In this diverse collection of responses and essays, whose richness and variety suggest something of the range of concerns gathered under the rubric of the humanities, one issue emerges that might structure future debates. Indeed, the real subject of all these essays is the future itself, and not just of the humanities; but the immediate issue is the question of the human and the relations between that question and the discourses of the humanities.

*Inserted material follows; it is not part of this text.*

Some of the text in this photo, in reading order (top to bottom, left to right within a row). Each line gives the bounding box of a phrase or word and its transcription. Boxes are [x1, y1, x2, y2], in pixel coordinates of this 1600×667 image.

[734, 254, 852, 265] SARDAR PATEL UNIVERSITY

The question might be framed by comparing Susan Stewart's eloquent, even aphoristic, "Thoughts on the Role of the Humanities in Contemporary Life" with Jonathan Culler's sharply angled "In Need of a Name?" Stewart describes our primary task as an ongoing "anthropomorphization of ourselves," a cultivation and exercise of those distinctly human attributes that define the species and determine our place in the order of things, yet cannot be captured by scientific reason. The discourses of the arts and the humanities are, she says, among the most reflective and culturally visible sites where this task is being undertaken. Culler, by contrast, argues that an emphasis on the human "risks leading us astray," because the very concept represents a retrograde ideological mystification that not only delegitimates some of the most exciting work done in the past, such as that of Foucault, but also bars our path to the future. We need, Culler says, a "new name" to describe what it is that humanists do, a fresh term that does not drag an ideology along in its train, a term whose coldness and clarity puts the humanities on an equal footing with natural and social science.

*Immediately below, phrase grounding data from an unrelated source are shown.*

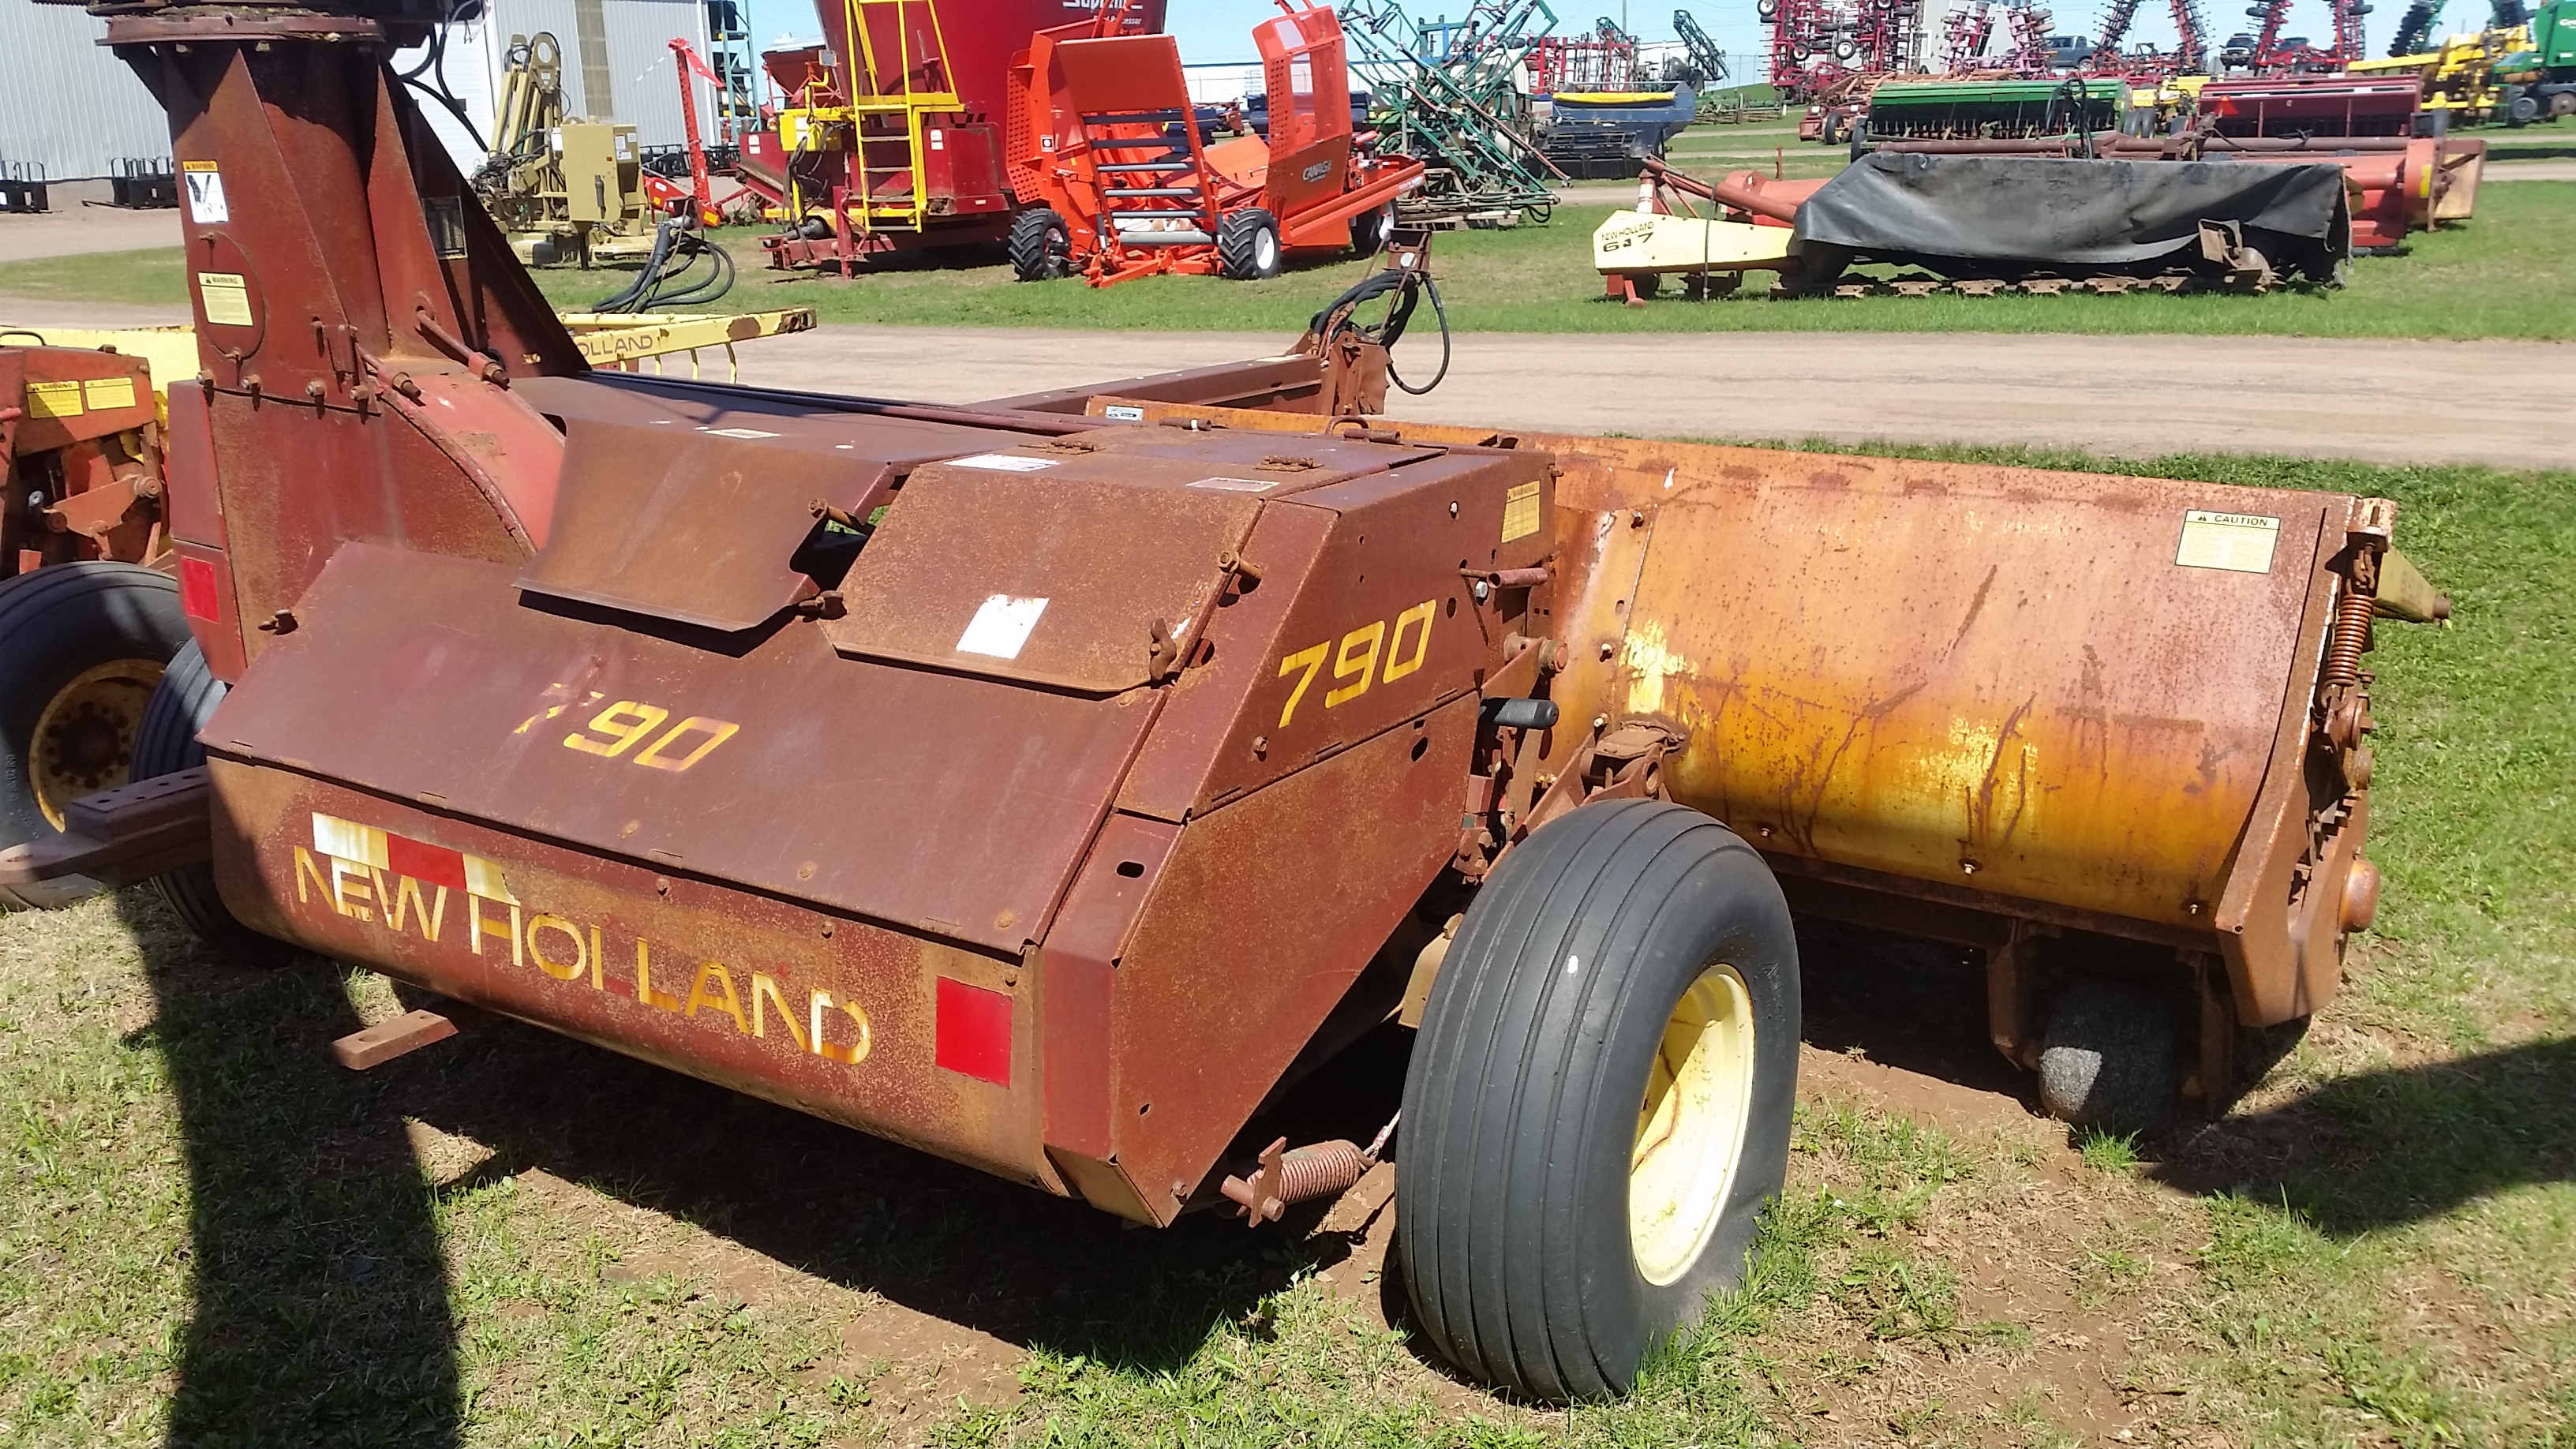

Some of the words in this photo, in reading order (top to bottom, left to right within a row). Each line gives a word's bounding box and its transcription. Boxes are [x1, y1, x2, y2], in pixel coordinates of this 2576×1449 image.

[1601, 230, 1618, 242] NEW
[1619, 221, 1654, 237] HOLLAND
[576, 335, 653, 357] OLLAND
[2214, 515, 2268, 526] CAUTION
[1278, 598, 1437, 729] 790
[294, 844, 447, 942] NEW
[468, 891, 873, 1065] HOLLAND

I think Stewart's emphasis is more productive than Culler's because it does not surrender the principle of the distinctness of either the human or the humanities. I regard this principle as indispensable, for reasons usefully indicated not just by Stewart but also by Brian Stock, Mark Edmundson, Rey Chow, and even Monika Fludernik, who for some reason thinks I am calling for a "public relations stunt" to promote the humanities.

For some other reason equally mysterious to me, Culler believes that my identification of "the human" as one of the primary emphases of the [End Page 105] humanities rests on an account of intention that is manifestly limited and misleading. When I say that "the underlying aim of humanistic study is always to construct, through the materials provided by the text, an understanding of a human intention, an account of how and why this particular text came to be the way it is, the conditions under which the text emerged," Culler infers that I must be thinking of recovering the conscious intentions of the author, and thus of rediscovering, under the guise of criticism, the self-mastering, self-identical subject of classical liberal thought. One of our leading experts in structuralist and poststructuralist thought, Culler understands that much of the best work in the humanities has taken the form of a critique of the intentions of the author as unreliable guides to "what is actually happening in history, in discourse, in the psyche." Any emphasis on the reconstruction of intentions represents, Culler says, "more a strategic device to keep a humanistic ideology alive than [a well-founded concept] in a critical or explanatory account." As Culler knows, and even notes, the account of intentionality I am working with here fully accommodates history, discourse, and the psyche. In fact, I state explicitly that conscious intentions are "remarkably difficult to establish, and even harder to sort out," and often altogether irrelevant," and argue instead that intention should rather be understood as a name for all those forces by which human action is determined insofar as those forces come into focus in the form of a created work. Still, Culler thinks that the very term humanities is tainted by its connection with a particular ideology of the human, one that fetishizes conscious intentions as the primary determinant of the text.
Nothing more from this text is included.